_REQUIREMENT_
The data below should be restated word for word, with every picture omitted.

[Stored data entries]
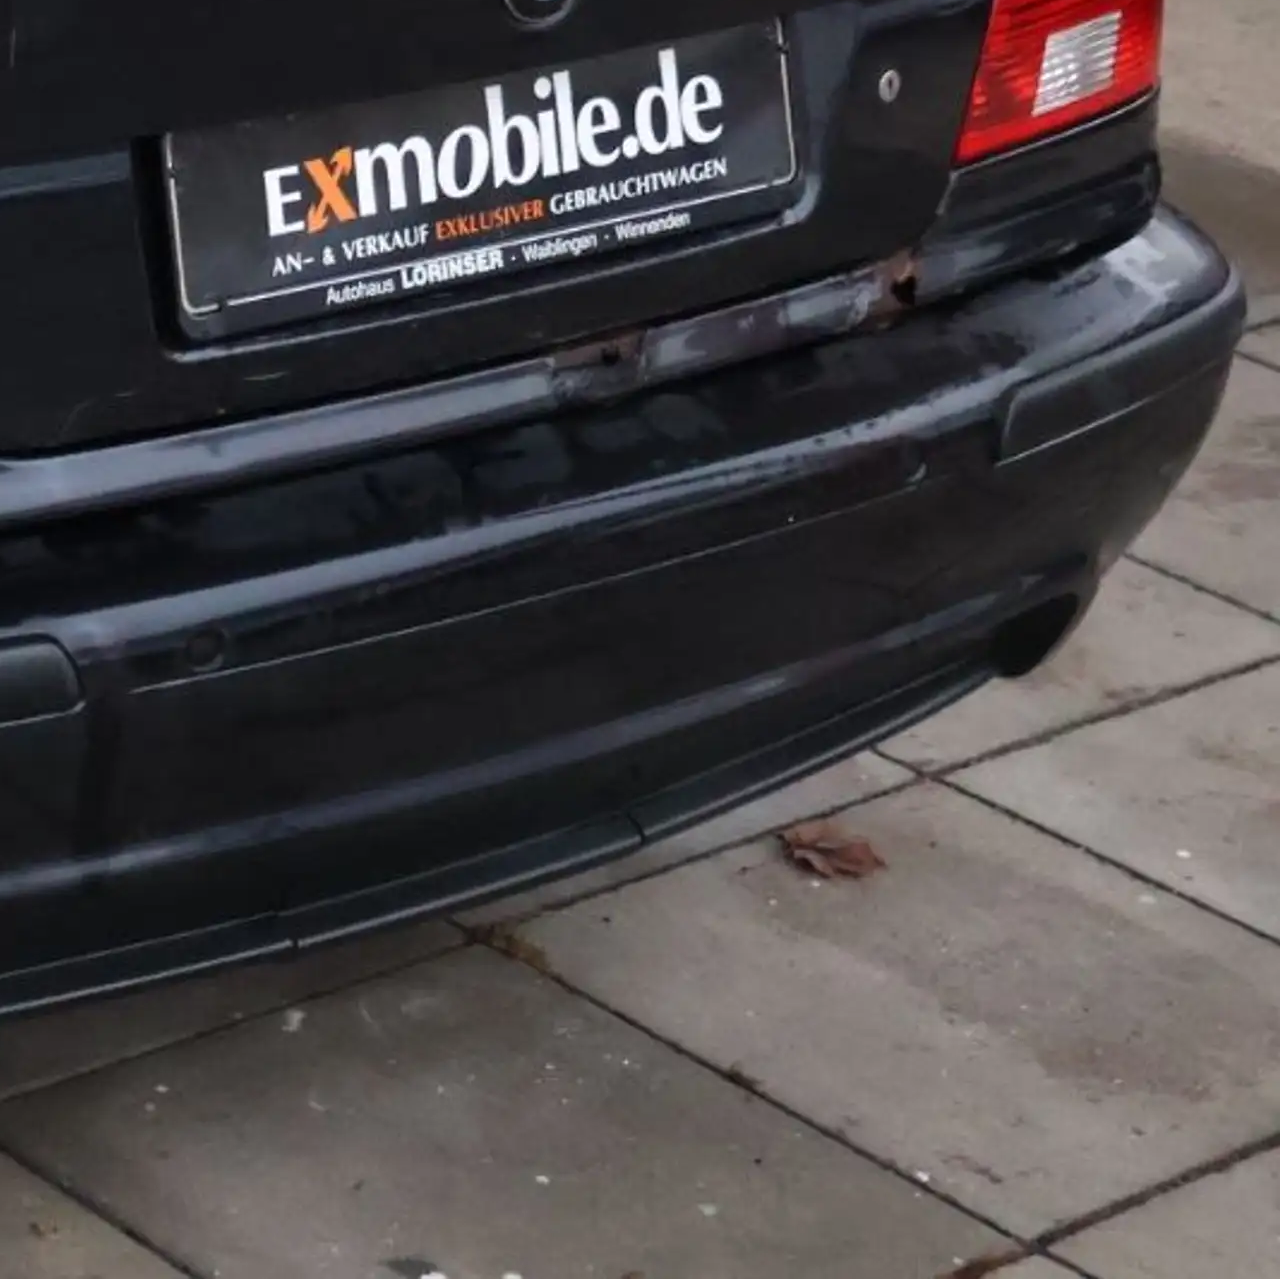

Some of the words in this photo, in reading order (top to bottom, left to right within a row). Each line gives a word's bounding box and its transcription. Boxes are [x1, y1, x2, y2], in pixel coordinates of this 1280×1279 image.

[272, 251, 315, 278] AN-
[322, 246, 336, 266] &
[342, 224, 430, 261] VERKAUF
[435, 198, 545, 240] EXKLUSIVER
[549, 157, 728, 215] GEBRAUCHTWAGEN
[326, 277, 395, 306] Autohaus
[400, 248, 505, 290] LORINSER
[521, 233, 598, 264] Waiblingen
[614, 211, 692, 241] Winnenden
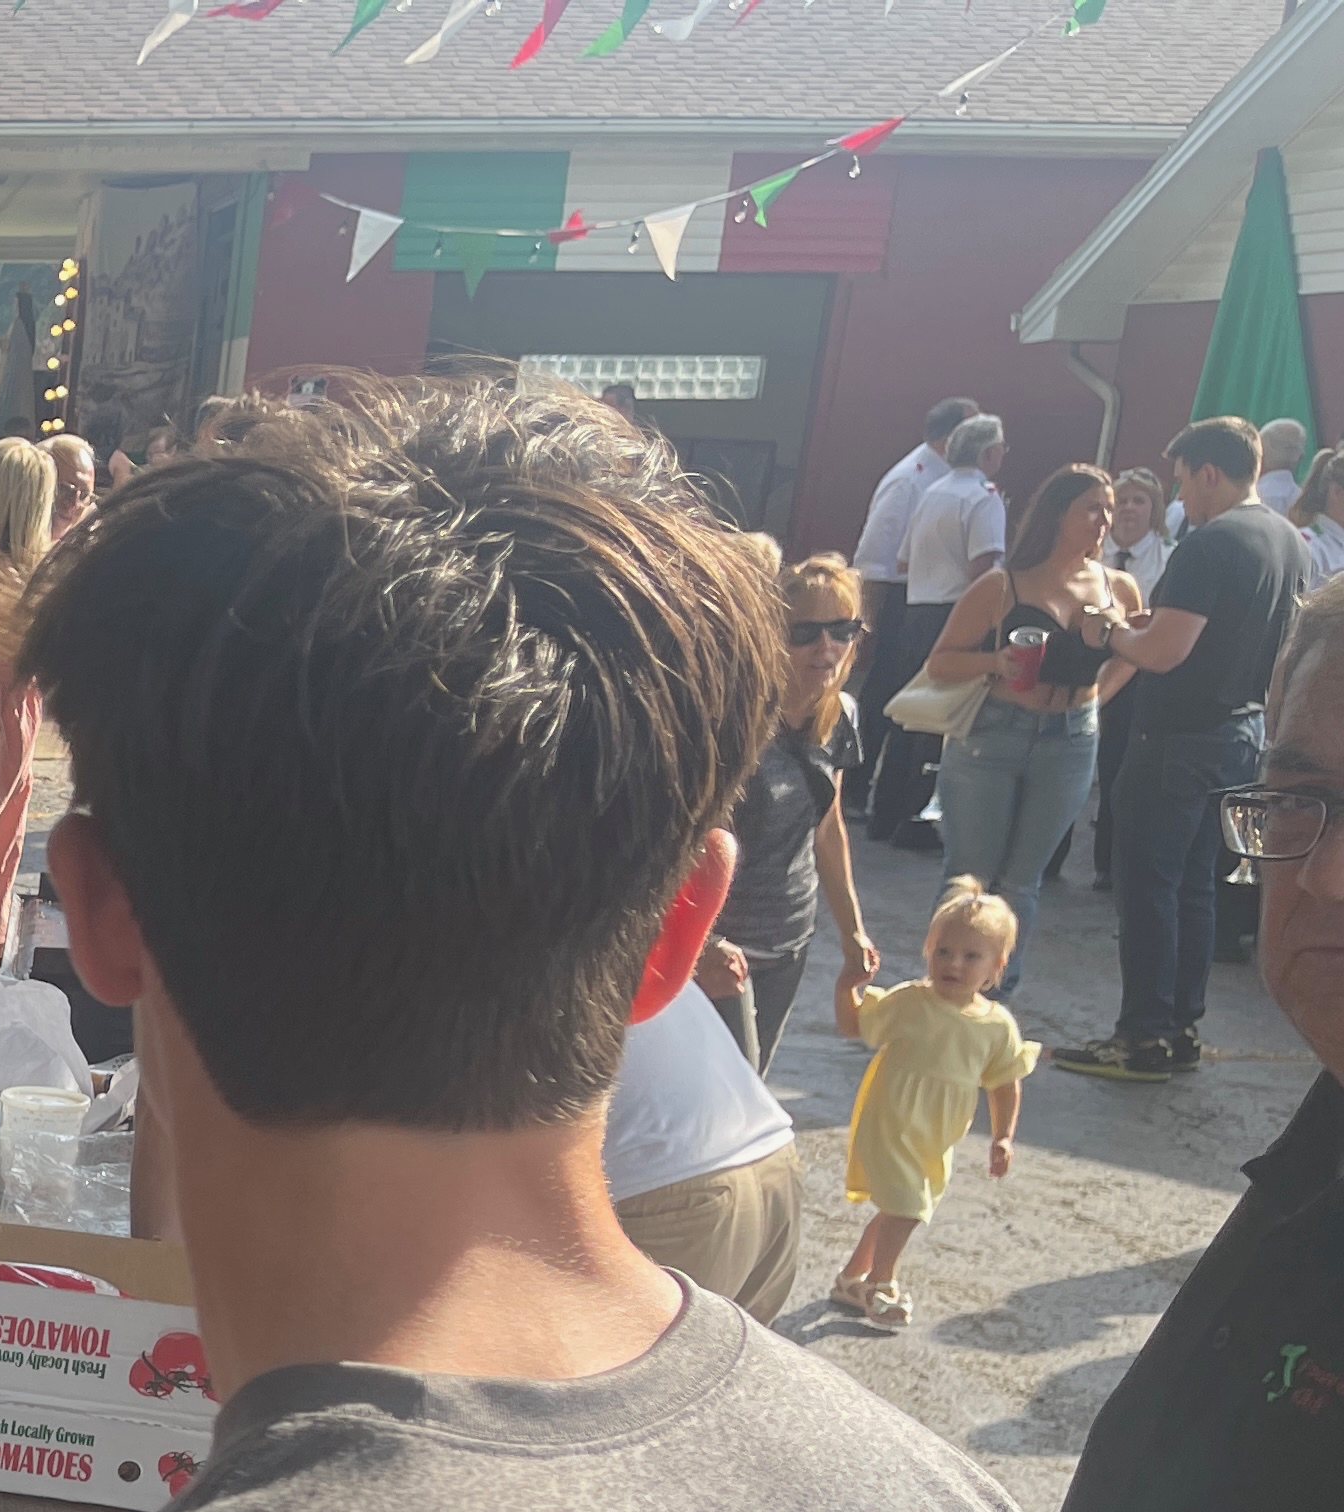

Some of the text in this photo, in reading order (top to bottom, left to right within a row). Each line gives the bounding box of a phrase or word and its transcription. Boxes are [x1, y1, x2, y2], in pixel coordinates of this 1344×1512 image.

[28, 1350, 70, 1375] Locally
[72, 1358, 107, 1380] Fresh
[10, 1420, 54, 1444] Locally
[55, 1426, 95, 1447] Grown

_TASK SOLUTION_
Some of the words in this photo, in reading order (top to bottom, left to right within a row). Each line gives a word's bounding box and its transcription. Boxes are [x1, y1, x2, y2], in pixel coordinates of this 1280×1279 image.

[272, 251, 315, 278] AN-
[322, 246, 336, 266] &
[342, 224, 430, 261] VERKAUF
[435, 198, 545, 240] EXKLUSIVER
[549, 157, 728, 215] GEBRAUCHTWAGEN
[326, 277, 395, 306] Autohaus
[400, 248, 505, 290] LORINSER
[521, 233, 598, 264] Waiblingen
[614, 211, 692, 241] Winnenden

Some of the text in this photo, in reading order (top to bottom, left to right within a row). Each line gives the bounding box of a phrase or word and its transcription. Boxes are [x1, y1, x2, y2], in pixel coordinates of this 1344×1512 image.

[28, 1350, 70, 1375] Locally
[72, 1358, 107, 1380] Fresh
[10, 1420, 54, 1444] Locally
[55, 1426, 95, 1447] Grown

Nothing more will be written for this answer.